Big data’s natural evolution
The industry has been talking about the explosion of data, the inability to find it and analyse it for quite a while now. About twenty years ago, it was considered revolutionary for businesses to put all their data in a data warehouse to make it easier for people across the organisation to find it. Businesses were undertaking long and expensive 2–3-year long programmes, by the end of which data was no longer of any use, because it was already out of date. Fast-forward 10 years and the focus had shifted towards data analytics, and data lakes became the answer to everything. While the technology behind data lakes was improved over time, the philosophy remained the same – to bring all data into one place and structure it, so people could mine it. However, this approach only worked well for businesses until the centralised data model began to fall apart as it failed to respond to the needs of the various sources of data and the variety of ways in which it was being used.

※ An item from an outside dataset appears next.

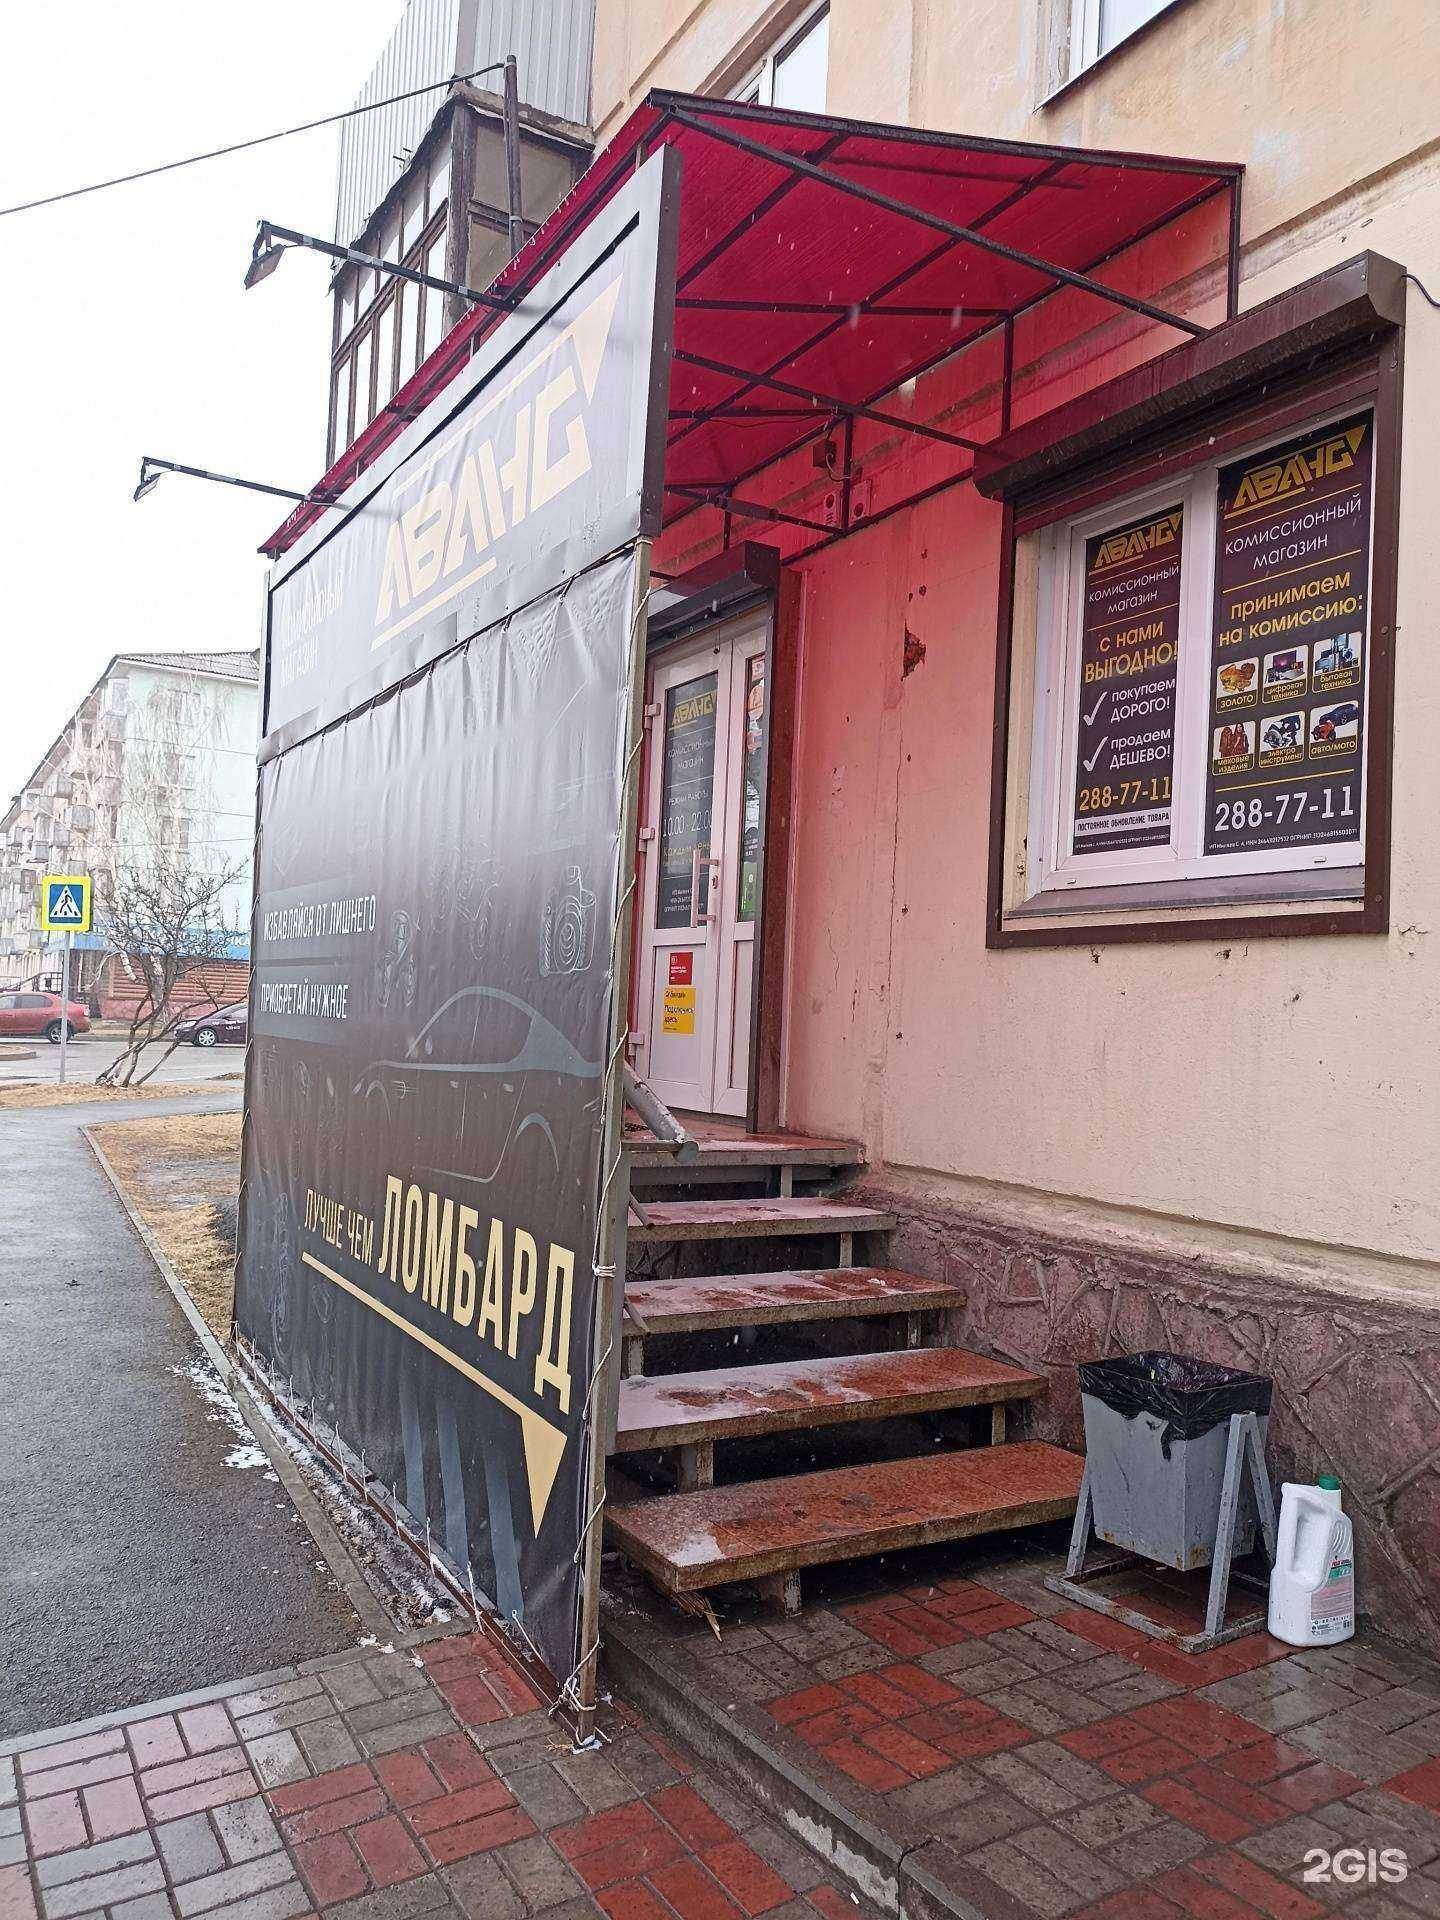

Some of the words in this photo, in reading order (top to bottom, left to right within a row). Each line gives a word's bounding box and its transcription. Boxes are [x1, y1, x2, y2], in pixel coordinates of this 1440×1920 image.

Over time what has been shown to be a much more effective way of managing data, and one that helps prioritise quality, is by following a more decentralised model. A decentralised data architecture model offers a more intelligent approach to managing, governing, tracking, and securing data, so that businesses can derive the right insights from the data they have. Following this natural evolution, we’re now seeing a huge shift across large enterprises towards something called ‘data mesh’. While data mesh is a relatively new concept, it offers businesses a more scalable way of managing data, which avoids the bottlenecks of previous methods of storing data in warehouses and lakes. More and more organisations are now adopting a modern distributed data architecture where teams take ownership of the data they generate, store, and distribute and treat it “as a product” which other domains can leverage through a central data infrastructure. This idea of using data as a product across the organisation also encourages those who are responsible for it to monitor and ensure its quality and reliability for downstream users.
Ultimately, those who want to “go big” on big data nowadays must focus on adopting the best approach that will enable the distribution of quality and trusted data across the organisation. It’s about taking the next step in your data maturity journey to make data more accessible, available, discoverable, secure, and interoperable, in order to unlock new levels of business intelligence.